I would suggest trying exllamav3 once, i have no idea what kind of black magic they use but its very memory efficient.
i can’t load Qwen/Qwen3-Coder-30B-A3B-Instruct-FP8 with 16K using vllm
but using exlamav3 i can SOMEHOW load ArtusDev/Qwen_Qwen3-Coder-30B-A3B-Instruct-EXL3:8.0bpw_H8 at its full context of 262.144 with still 2GiB to spare.
I really feel like this is too good to be true and im doing something wrong but it just works so i don’t know.
I guess there’s some automatic vram paging going on. How many tokens per second do you get while generating?
Im not sure if it’s a me issue but that’s a static image. I figure you posted where they throw a brick into it.
Also, if this post was serious, how does a highly quantitized model compare to something less quantitized but with fewer parameters? I haven’t seen benchmarks other than perplexity which isn’t a good measure of capability?
Unsloth did a test and their dynamic quants were competitive even at 1 bit in aider benchmark https://docs.unsloth.ai/new/unsloth-dynamic-ggufs-on-aider-polyglot
Holy cow!
It’s a webp animation. Maybe your client doesn’t display it right, i’ll replace it with a gif
Regarding your other question, I tend to see better results with higher params + lower precision, versus low params + higher precision. That’s just based on “vibes” though, I haven’t done any real testing.
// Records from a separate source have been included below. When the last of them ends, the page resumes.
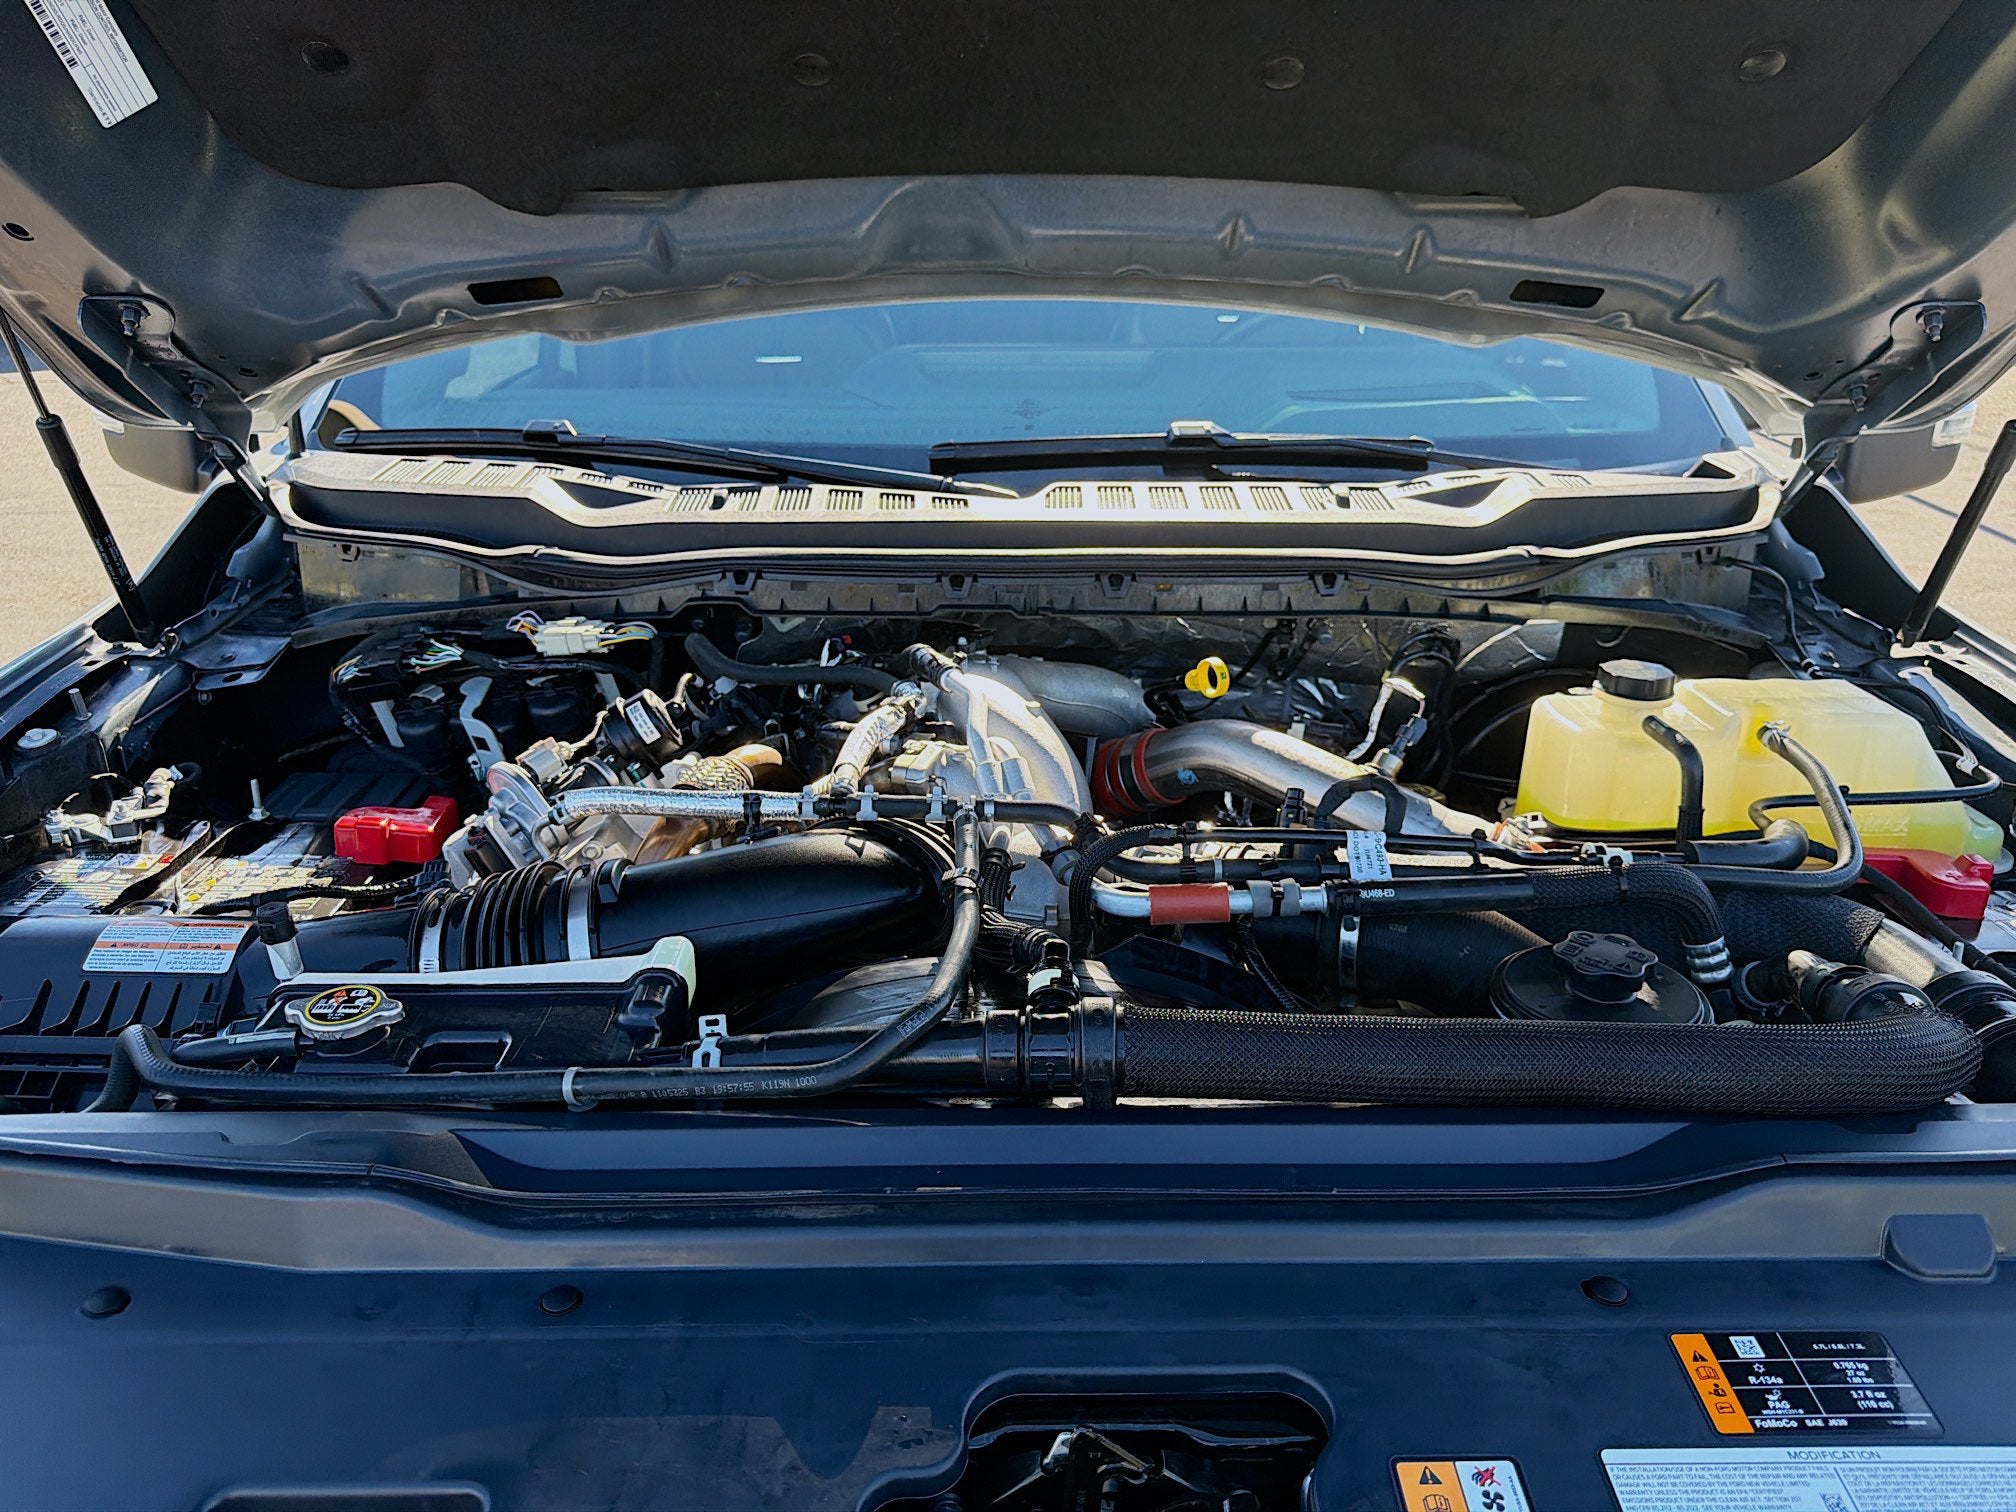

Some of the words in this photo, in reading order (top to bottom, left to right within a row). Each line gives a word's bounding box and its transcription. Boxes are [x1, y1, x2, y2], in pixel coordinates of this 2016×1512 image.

[712, 1081, 755, 1094] 19:57:55
[761, 1078, 791, 1090] K119N
[1748, 1375, 1784, 1385] R-134a
[1850, 1389, 1864, 1399] 3.7
[1874, 1390, 1887, 1399] oz
[1767, 1400, 1791, 1409] PAG
[1857, 1400, 1878, 1410] (110
[1878, 1400, 1895, 1410] cc)
[1754, 1418, 1798, 1428] FoMoCo
[1804, 1418, 1825, 1427] SAE
[1786, 1450, 1882, 1461] MODIFICATION
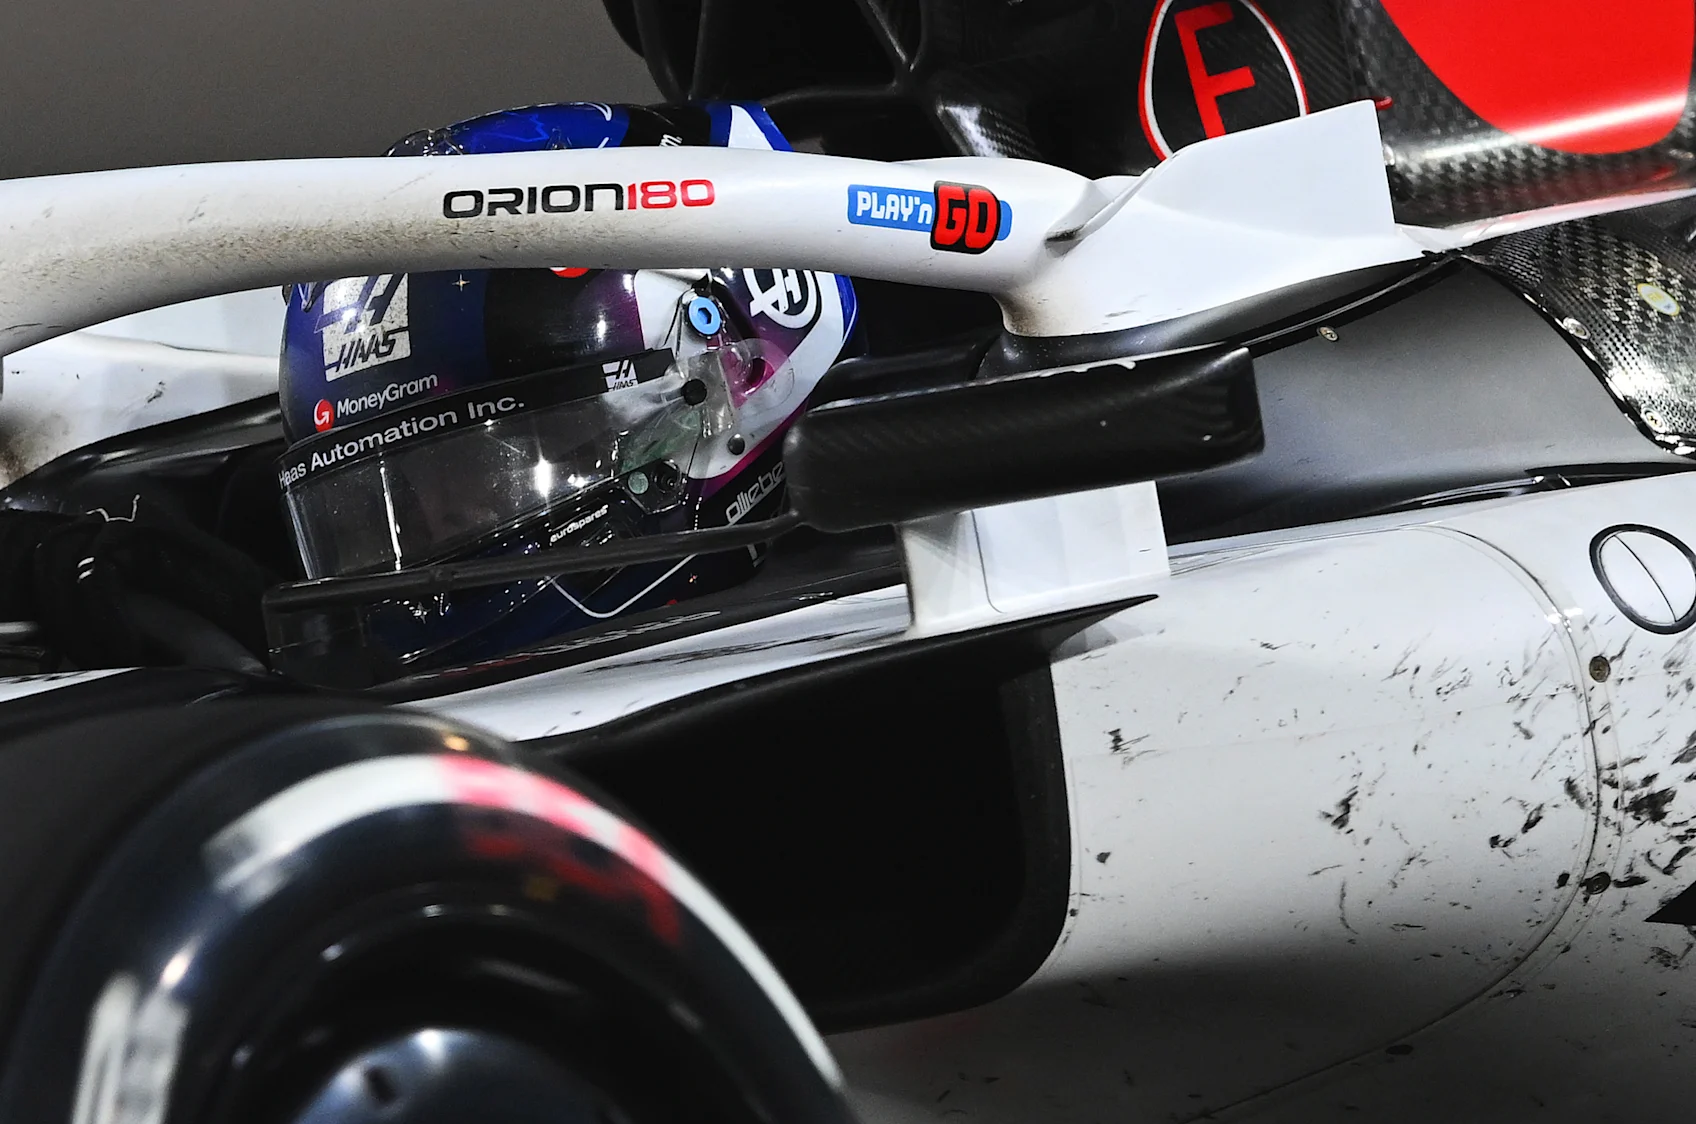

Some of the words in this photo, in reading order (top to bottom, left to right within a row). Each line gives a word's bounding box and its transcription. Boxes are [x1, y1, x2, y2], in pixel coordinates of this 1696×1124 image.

Based on what I’ve seen, Q4 is the lowest safe quantization, and beyond that, the performance really starts to drop off. unfortunately even at 1 bit quantization I can’t run GLM 4.6 on my system
That fixed it.
I am a fan of this quant cook. He often posts perplexity charts.
https://huggingface.co/ubergarm
All of his quants require ik_llama which works best with Nvidia CUDA but they can do a lot with RAM+vRAM or even hard drive + rams. I don’t know if 8gb is enough for everything.
What’s higher precision for you? What I remember from the old measurements for ggml is, lower than Q3 rarely makes sense and roughly at Q3 you’d think about switching to a smaller variant. But on the other hand everything above Q6 only shows marginal differences in perplexity, so Q6 or Q8 or full precision are basically the same thing.
As a memory-poor user (hence the 8gb vram card), I consider Q8+ to be is higher precision, Q4-Q5 is mid-low precision (what i typically use), and below that is low precision
Thanks. That sounds reasonable. Btw you’re not the only poor person around, I don’t even own a graphics card… I’m not a gamer so I never saw any reason to buy one before I took interest in AI. I’ll do inference on my CPU and that’s connected to more than 8GB of memory. It’s just slow 😉 But I guess I’m fine with that. I don’t rely on AI, it’s just tinkering and I’m patient. And a few times a year I’ll rent some cloud GPU by the hour. Maybe one day I’ll buy one myself.
I think perplexity is still central to evaluating models. It’s notoriously difficult to come up with other ways to measure these things.